▶ Work task
Exact repetition, pictures omitted: give every record below again.

Records for processing Start Marker

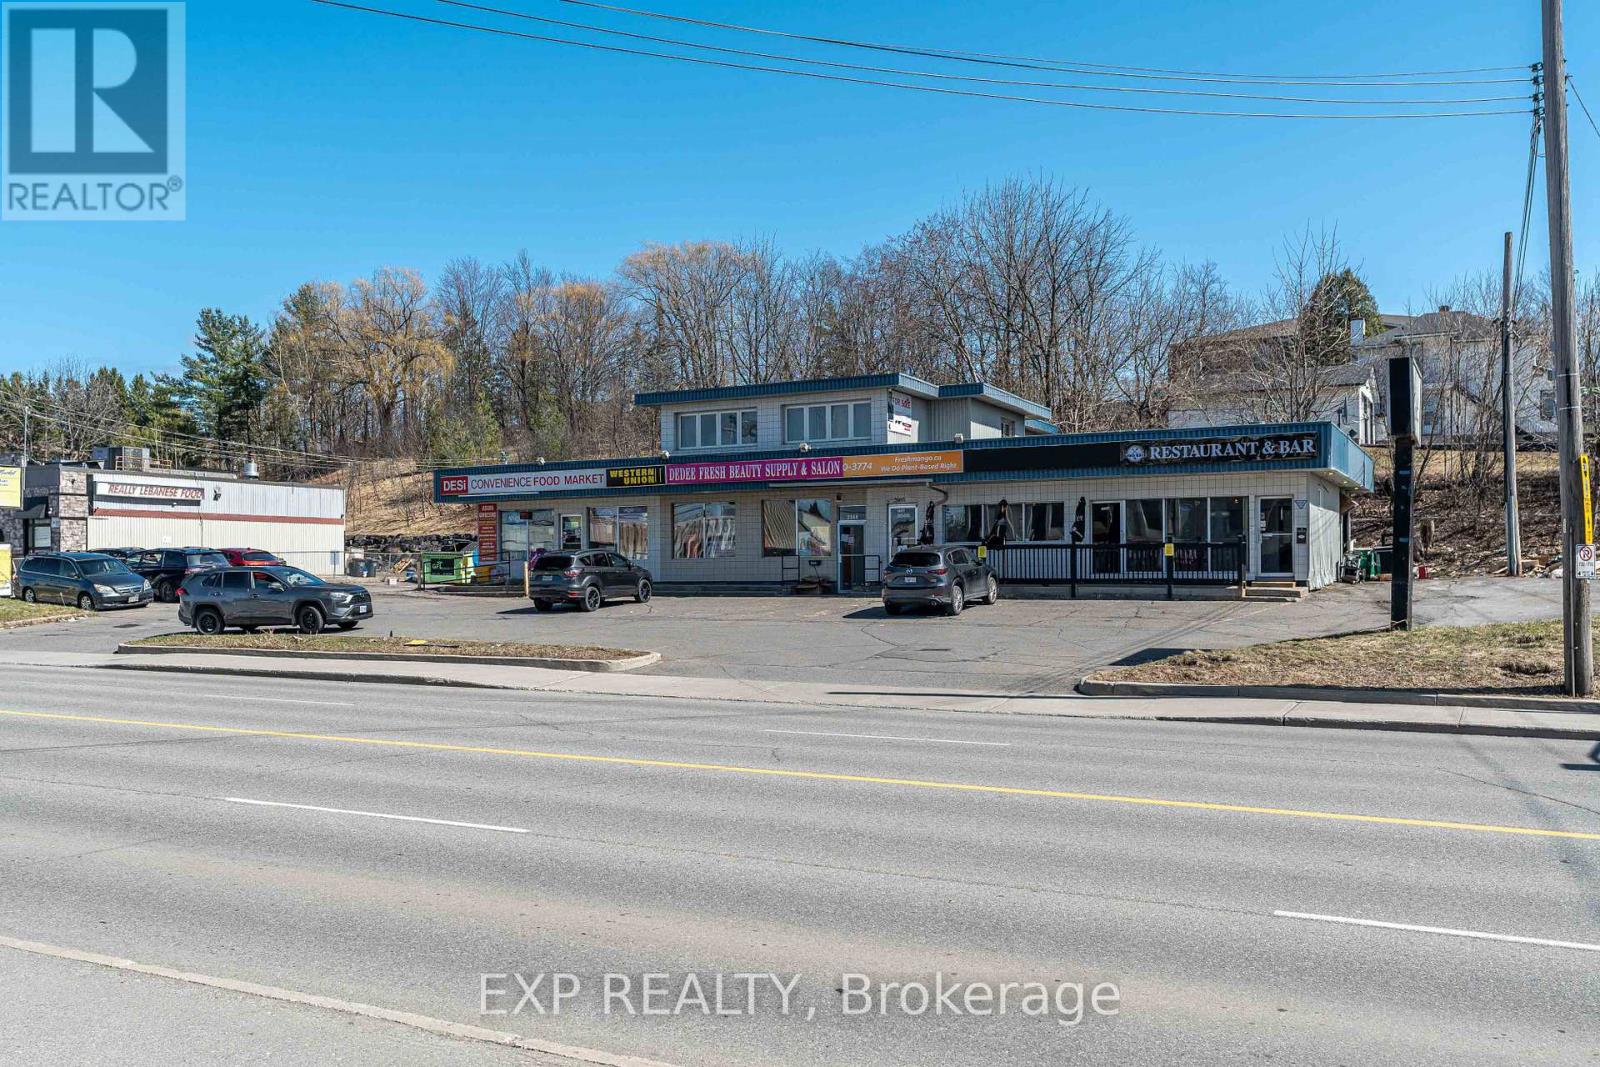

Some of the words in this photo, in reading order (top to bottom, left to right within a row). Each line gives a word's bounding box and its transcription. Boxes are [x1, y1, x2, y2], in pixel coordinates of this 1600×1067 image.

[1150, 442, 1259, 460] RESTAURANT
[1262, 441, 1276, 455] &
[1278, 439, 1316, 454] BAR
[609, 467, 654, 478] WESTERN
[669, 466, 696, 481] DEDEE
[699, 465, 726, 480] FRESH
[729, 464, 762, 479] BEAUTY
[765, 462, 799, 477] SUPPLY
[801, 463, 808, 476] &
[811, 460, 841, 475] SALON
[470, 476, 532, 490] CONVENIENCE
[533, 475, 560, 487] FOOD
[564, 473, 605, 485] MARKET
[623, 475, 655, 485] UNION
[108, 484, 137, 495] REALLY
[139, 485, 178, 498] LEBANESE

Records for processing End Marker

▶ Answer below
Some of the words in this photo, in reading order (top to bottom, left to right within a row). Each line gives a word's bounding box and its transcription. Boxes are [x1, y1, x2, y2], in pixel coordinates of this 1600×1067 image.

[1150, 442, 1259, 460] RESTAURANT
[1262, 441, 1276, 455] &
[1278, 439, 1316, 454] BAR
[609, 467, 654, 478] WESTERN
[669, 466, 696, 481] DEDEE
[699, 465, 726, 480] FRESH
[729, 464, 762, 479] BEAUTY
[765, 462, 799, 477] SUPPLY
[801, 463, 808, 476] &
[811, 460, 841, 475] SALON
[470, 476, 532, 490] CONVENIENCE
[533, 475, 560, 487] FOOD
[564, 473, 605, 485] MARKET
[623, 475, 655, 485] UNION
[108, 484, 137, 495] REALLY
[139, 485, 178, 498] LEBANESE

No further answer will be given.